As the principle shared during our visit, with warm eyes full of gratitude, “[Long Hung School] has been recognized by the education system for making a great effort to reduce malnutrition, with the support of Holt.”
To reach more children in the community, Holt also worked with local leaders to encourage more families to participate in the daycare program. Our staff in Vietnam emphasized the importance of early education and the opportunity for school lunch, and explained the concept of child sponsorship — the Holt program that provides essential funds for daycare and other services for the children. By enrolling their children at Long Hung School and partnering with Holt child sponsors in the U.S., our staff explained, their children would receive all of these benefits.
Soon, more and more families began enrolling their children in school. After Holt Vietnam staff reached out to families, the number who signed up for school lunch also grew from just 10 percent to over half the enrolled students.

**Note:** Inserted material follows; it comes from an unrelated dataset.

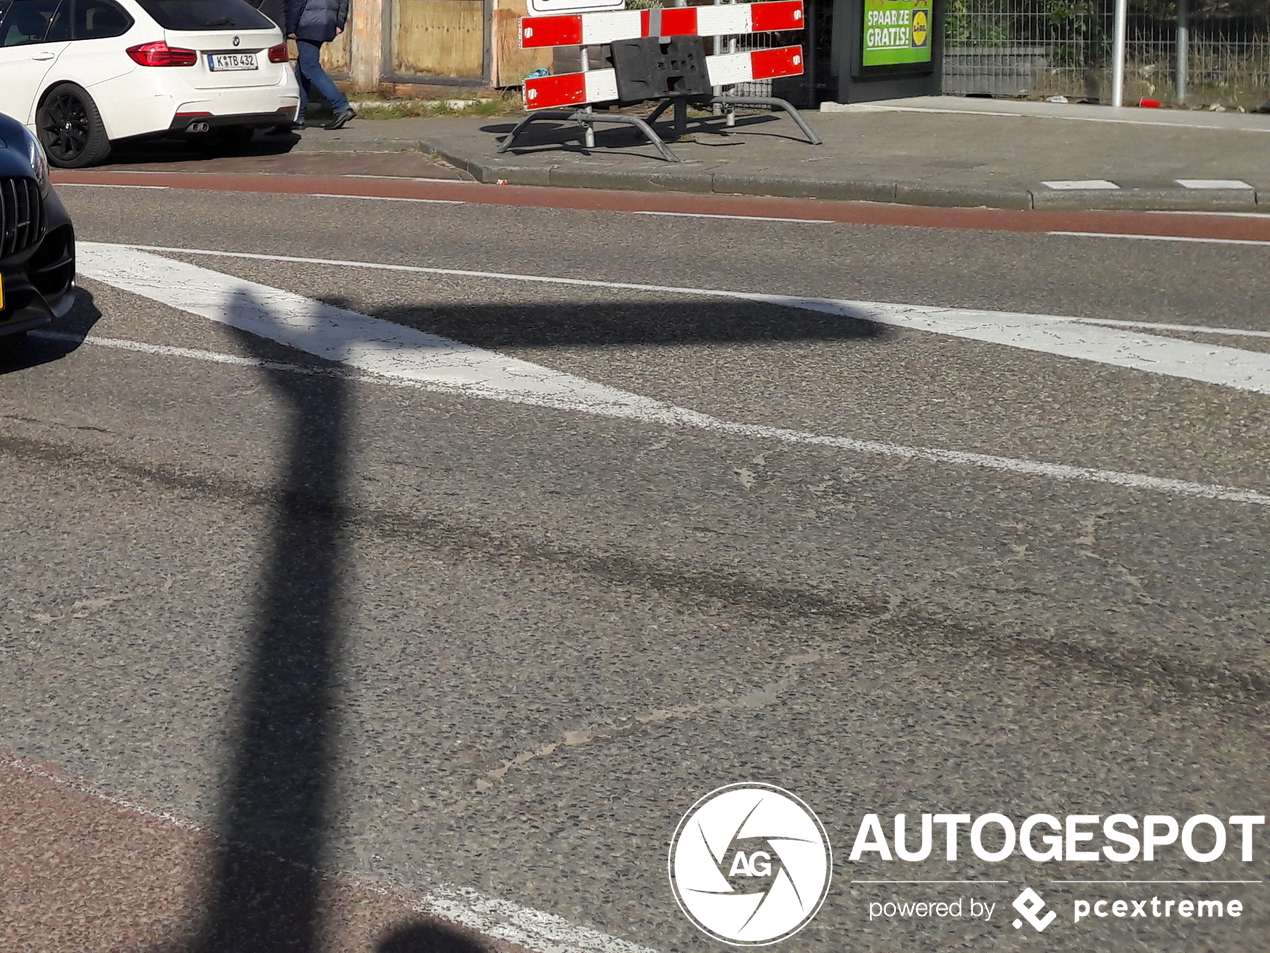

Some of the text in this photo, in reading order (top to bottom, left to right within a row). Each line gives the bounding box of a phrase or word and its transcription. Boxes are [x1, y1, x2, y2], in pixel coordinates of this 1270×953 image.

[867, 9, 910, 26] SPAAR ZE
[866, 27, 910, 47] GRATIS!

“At school, children eat rice with vegetables and different proteins such as chicken or tofu,” the principle explained. “For poorer families, lunch [at home] is not as nutritious.”
Looking at the preschoolers, they are clearly well cared for and loved. They are full of playful energy and have that twinkle in their eyes — the twinkle of health and vitality. A few adorable little potbellies poke from beneath polka dot dresses, and they are as tall as 3 and 4 and 5-year-olds should be.
“They weigh and check the height of the children every three months,” says Ms. Dzung Truong, Holt Vietnam’s supervisor for the southern region. “At the end of the school year, the families thanked the head mother of the school because the children’s health had improved.”
At school, the children learn to write letters. They dance and sing and tell stories. They learn about hygiene and practice washing their hands while the teacher observes. And today, during our visit, they color pictures for their sponsors in the U.S.
This is a new feature of Holt’s sponsorship program and one that Holt Vietnam has led the way in over the past several months. Soon, sponsors of children living in Vietnam — as well as Cambodia, China, India, Mongolia, Thailand and the Philippines — will receive personalized updates such as colored pictures or letters from their sponsored child. Sponsors of children in Ethiopia will begin receiving these updates in early 2015. Most sponsors will receive at least one additional update from their child every year —adding to the quarterly updates they already receive from Holt. As Holt’s overseas program staff receive more training and improved technology, we hope to continue expanding and improving communications between sponsors and their sponsored child.
For the sponsors who will receive the pictures that the children at Long Hung School are now coloring, this small and heartfelt gesture adds meaning, helps remove distance and reminds them of the child they support through monthly giving. For the children in sponsorship, the coloring activity also helps them realize that their sponsor is a real person — a person who cares about them and who will lovingly tack their picture to their wall when they receive it in the mail.
Through their monthly $30 donation, the sponsors of children at Long Hung School are helping them to grow and thrive and reach their full potential in life. And as the children stand with their teachers in front of their school, waving goodbye, it’s abundantly clear how sponsorship truly impacts the life of a child. Because here, in this little farming community in southern Vietnam, these 141 children are happy and healthy and have everything they need to succeed in life.
“On behalf of the children,” says the principle, “we want to thank you.” We second that.